Com a chegada do inverno, é comum termos uma mudança importante dos casos agudos de asma atendidos nas unidades básicas de saúde. Grande parte caracterizada por sintomáticos respiratórios, podendo ser o tão famoso covid-19. Porém, também pode ser exacerbações de doenças respiratórias crônicas, como a asma. 

Junto com esse frio vem um “friozinho na barriga” em atender e manejar os casos de exacerbações de asma no serviço de atenção primária à saúde. Isso pode ocorrer por conta do potencial de gravidade desses casos, da limitação de recursos no serviço ou da atualização frequente das diretrizes e recomendações de tratamento. 

No artigo iremos focar no manejo das exacerbações da asma. Vale ressaltar que essa é uma demanda bastante frequente neste período nas unidades básicas de saúde.

Espero te ajudar a se sentir mais seguro na hora de manejar esse problema junto com sua equipe. Trago aqui as atualizações do Global Initiative for Asthma (GINA) 2022 e a realidade da “primary care”, vulgo atenção básica, brasileira.  

O que é a asma? 

A asma é uma doença heterogênea, caracterizada por inflamação crônica nas vias aéreas. Tem como principais sintomas:

  •  tosse,
  •  sibilância, 
  • sensação de opressão torácica e
  •  dispneia.

De acordo com o GINA report 2022, a asma afeta cerca de 1 a 18% da população mundial. Estamos falando de uma doença extremamente prevalente, que é considerada um problema de saúde pública.

Como outras doenças crônicas não transmissíveis, a maioria dos óbitos, cerca de 80% ocorre em países de baixa renda. 

Casos de asma no Brasil

No Brasil estima-se que morrem de 4 a 6 pessoas por asma por dia. É estimado também um gasto público em saúde de cerca de 170 milhões de dólares por ano. Isso sem contar o absenteísmo da população economicamente ativa, e cerca de 120 mil internações por asma no período de 2008 a 2013.

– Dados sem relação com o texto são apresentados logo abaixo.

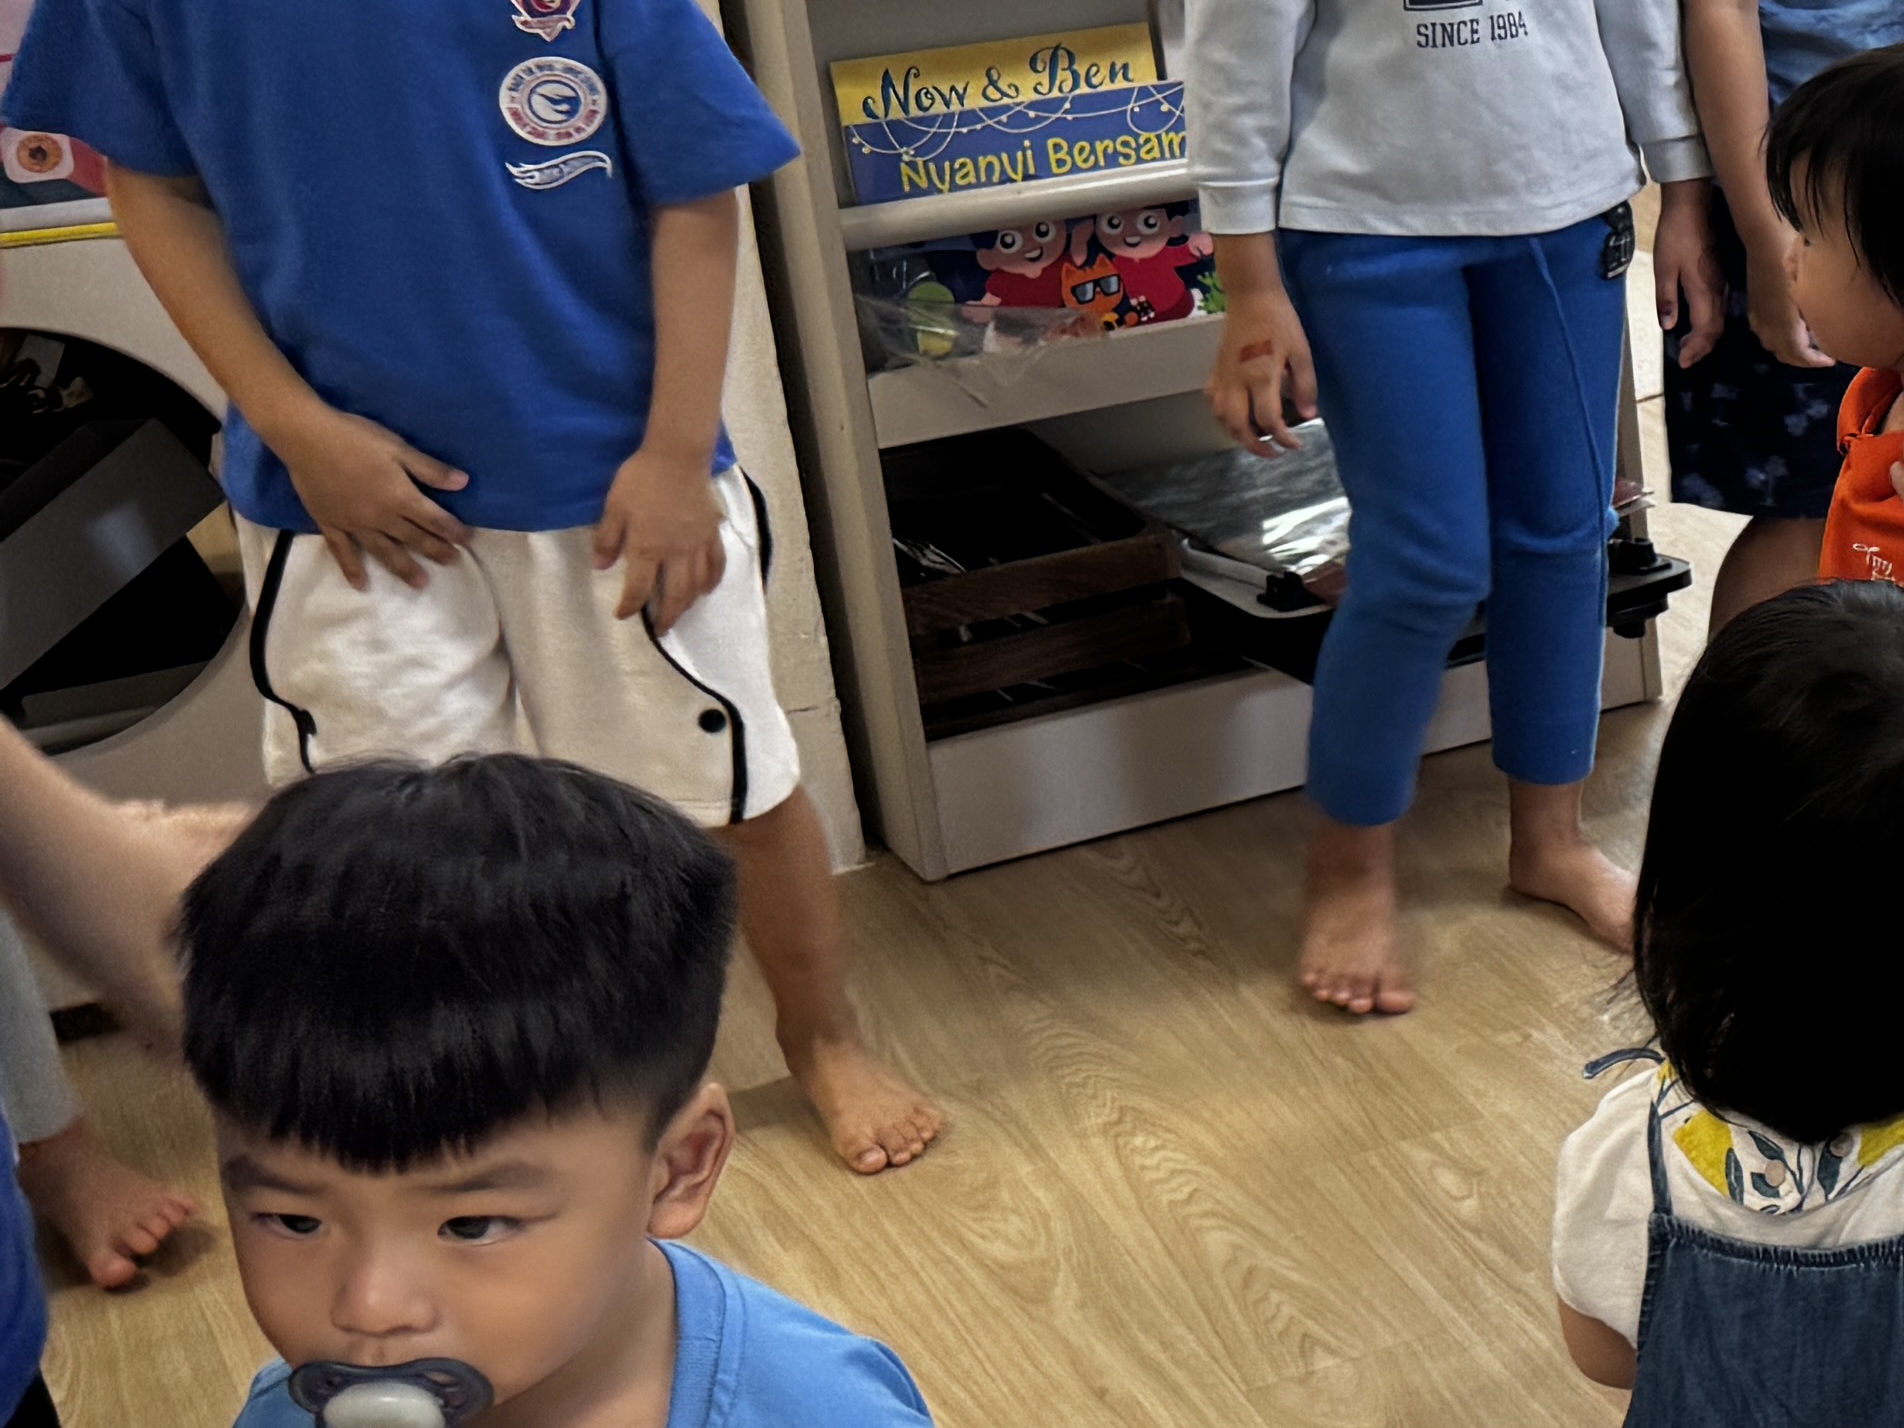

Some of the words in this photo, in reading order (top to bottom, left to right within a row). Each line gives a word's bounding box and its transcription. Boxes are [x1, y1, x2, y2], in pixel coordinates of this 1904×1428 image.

[1416, 18, 1482, 49] SINCE
[862, 65, 970, 121] Now
[981, 65, 1021, 104] &
[1028, 42, 1135, 97] Ben
[900, 139, 1037, 194] Nyanyi
[1047, 130, 1188, 175] Bersam
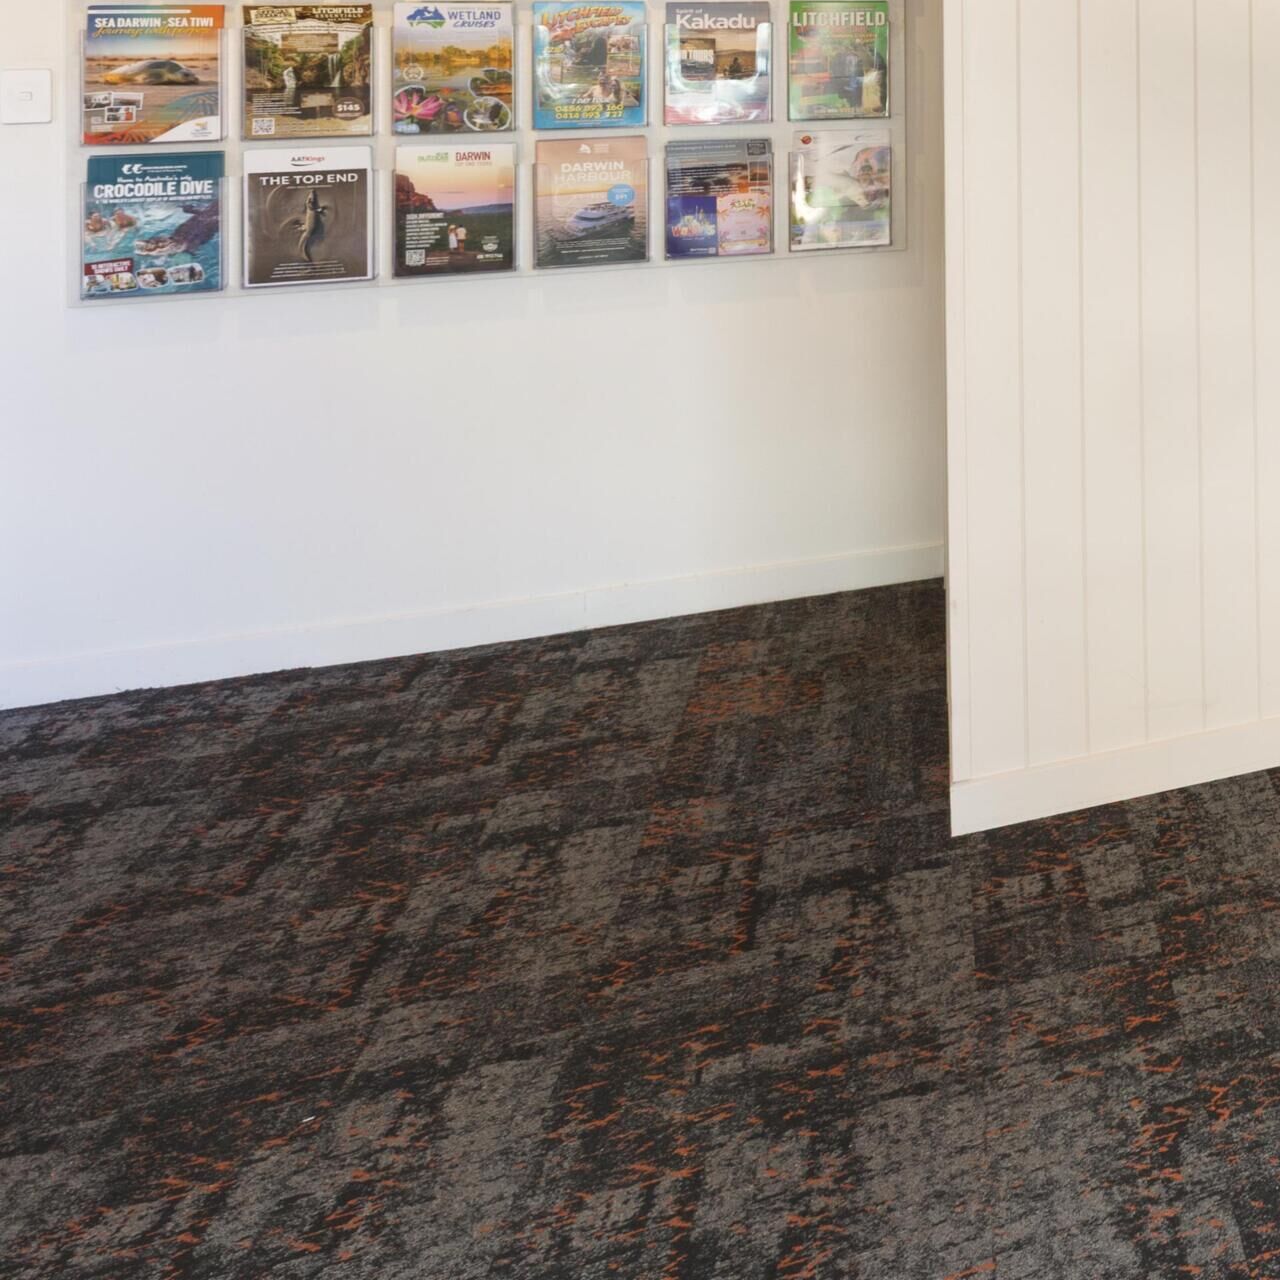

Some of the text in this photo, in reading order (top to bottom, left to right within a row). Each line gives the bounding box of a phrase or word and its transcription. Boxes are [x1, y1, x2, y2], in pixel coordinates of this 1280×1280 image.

Estima-se também no nosso país que 47% dos pacientes asmáticos não utilizam seus medicamentos com regularidade. O que é apontado como as possíveis causas da má adesão são:

  • o alto custo das medicações,
  • a dificuldade de encontrar as medicações na rede pública e
  • a dificuldade de manejar os medicamentos.

Como reflexo deste problema, temos uma grande parcela de asmáticos não controlados e mais suscetíveis a crises de exacerbação. 

Mas porque você está me contando tudo isso, Maitê? A Asma é uma condição sensível à atenção primária à saúde (APS), ou seja, se soubermos diagnosticar e manejar casos crônicos e agudos de asma nos serviços de atenção básica iremos “desafogar” muitas unidades de urgência e emergência e muitos leitos de internação.

Fatores predisponentes para asma

Agora voltando a falar especificamente da doença, existem diversos fatores predisponentes e desencadeantes da crise asmática, como alérgenos, infecções, agentes físicos e até emocionais.

Como já dito acima, estamos em um período sazonal que há aumento significativo das infecções de vias aéreas superiores, podendo predispor a uma exacerbação de asma.

Fatores predisponentes:

  • infecções virais (em especial infecções virais de vias aéreas superiores);
  • exposição a alérgenos: pólen, esporos fúngicos;
  • alergia alimentar;
  • poluição ambiental;
  • condições climáticas sazonais;
  • má aderência ao tratamento crônico.

As infecções virais respiratórias são os desencadeantes mais importantes e frequentes das crises de asma em crianças e adultos. Cerca de 80% dessas infecções são virais (muita atenção aqui ao uso de antibiótico desnecessário). Desses agentes, os mais comuns são o rinovírus, coronavírus, influenza, vírus sincicial respiratório e vírus da parainfluenza.

O que preciso sobre como saber tratar uma crise de asma?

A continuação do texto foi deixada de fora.